What is required: From the first line to the last, restate the material word for word, omitting pictures.

Data provided:
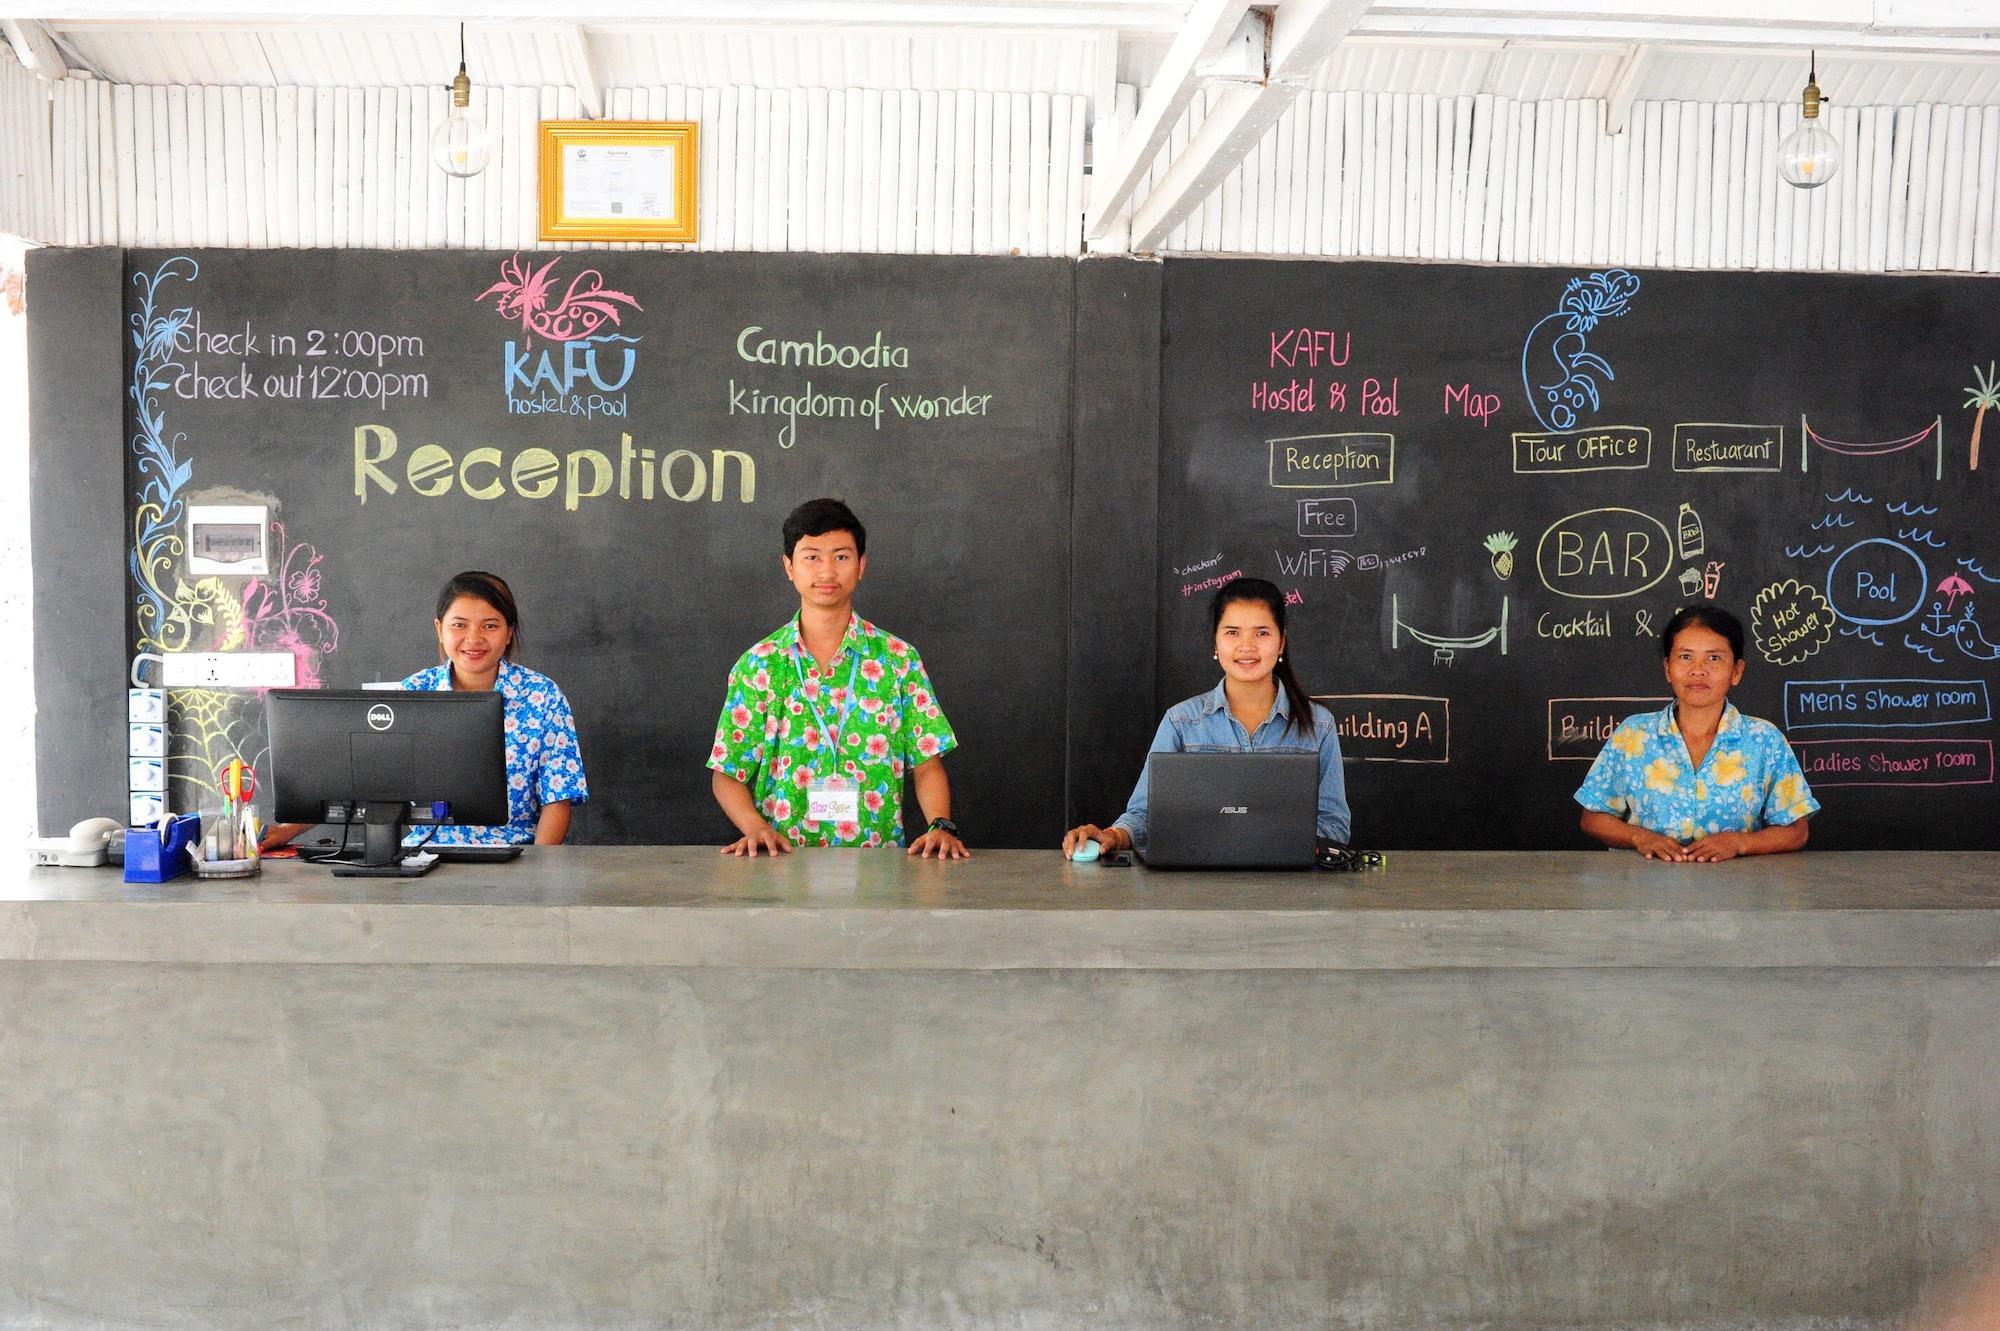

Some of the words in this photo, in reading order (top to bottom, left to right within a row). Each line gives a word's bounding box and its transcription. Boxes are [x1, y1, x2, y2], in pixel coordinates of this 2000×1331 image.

[271, 334, 296, 356] in
[736, 326, 909, 368] Cambodia
[1269, 328, 1350, 368] KAFU
[505, 341, 636, 396] KAFU
[264, 364, 304, 398] out
[309, 365, 428, 410] 12:00pm
[1252, 378, 1316, 413] Hostel
[1330, 382, 1347, 412] &
[1361, 377, 1400, 416] Pool
[569, 394, 586, 415] &
[859, 382, 889, 430] of
[1444, 383, 1501, 428] Map
[1286, 445, 1380, 480] Reception
[1521, 439, 1566, 463] Tour
[1686, 438, 1775, 463] Restuarant
[354, 424, 756, 511] Reception
[1304, 502, 1346, 526] Free
[1274, 548, 1327, 577] WiFi
[1558, 531, 1650, 578] BAR
[1857, 572, 1897, 602] Pool
[1537, 610, 1612, 639] Cocktail
[1772, 602, 1800, 630] Hot
[1768, 612, 1819, 652] Shower
[1800, 683, 1857, 713] Men's
[1935, 691, 1976, 707] room
[370, 713, 391, 721] DELL
[1337, 711, 1408, 748] uilding
[1415, 711, 1432, 744] A
[1802, 750, 1861, 773] Ladies
[1935, 751, 1976, 767] room
[1219, 806, 1248, 814] ASUS
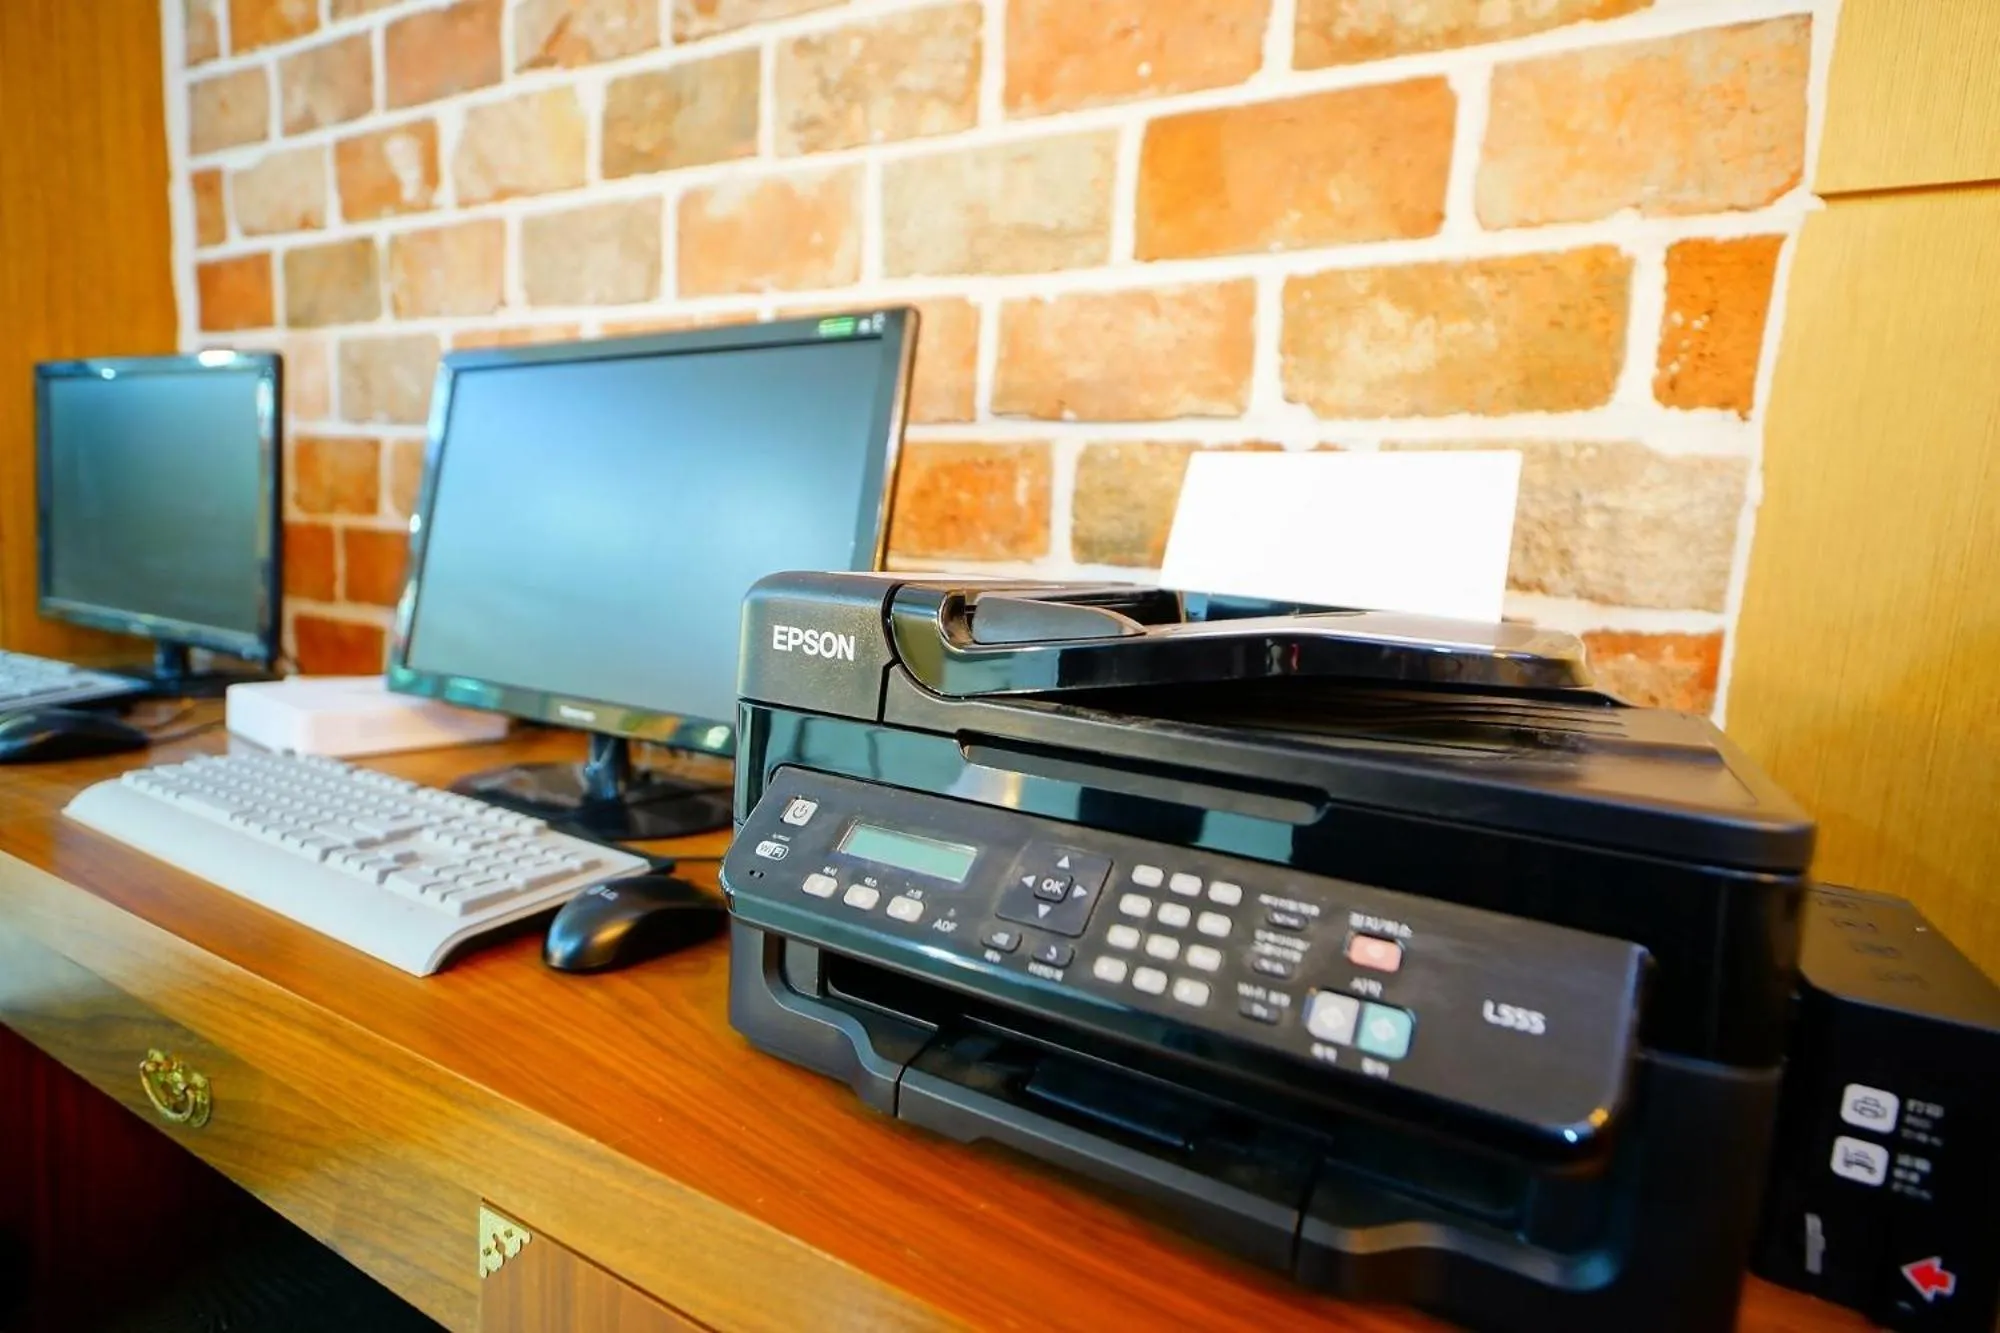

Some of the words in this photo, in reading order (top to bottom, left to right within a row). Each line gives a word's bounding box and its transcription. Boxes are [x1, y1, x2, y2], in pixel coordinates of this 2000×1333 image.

Expected output:
Some of the words in this photo, in reading order (top to bottom, left to right within a row). Each line gives a word's bounding box and its transcription. Boxes are [x1, y1, x2, y2], in pixel coordinates of this 2000×1331 image.

[271, 334, 296, 356] in
[736, 326, 909, 368] Cambodia
[1269, 328, 1350, 368] KAFU
[505, 341, 636, 396] KAFU
[264, 364, 304, 398] out
[309, 365, 428, 410] 12:00pm
[1252, 378, 1316, 413] Hostel
[1330, 382, 1347, 412] &
[1361, 377, 1400, 416] Pool
[569, 394, 586, 415] &
[859, 382, 889, 430] of
[1444, 383, 1501, 428] Map
[1286, 445, 1380, 480] Reception
[1521, 439, 1566, 463] Tour
[1686, 438, 1775, 463] Restuarant
[354, 424, 756, 511] Reception
[1304, 502, 1346, 526] Free
[1274, 548, 1327, 577] WiFi
[1558, 531, 1650, 578] BAR
[1857, 572, 1897, 602] Pool
[1537, 610, 1612, 639] Cocktail
[1772, 602, 1800, 630] Hot
[1768, 612, 1819, 652] Shower
[1800, 683, 1857, 713] Men's
[1935, 691, 1976, 707] room
[370, 713, 391, 721] DELL
[1337, 711, 1408, 748] uilding
[1415, 711, 1432, 744] A
[1802, 750, 1861, 773] Ladies
[1935, 751, 1976, 767] room
[1219, 806, 1248, 814] ASUS

Some of the words in this photo, in reading order (top to bottom, left to right within a row). Each line gives a word's bounding box and its transcription. Boxes are [x1, y1, x2, y2], in pixel coordinates of this 2000×1333 image.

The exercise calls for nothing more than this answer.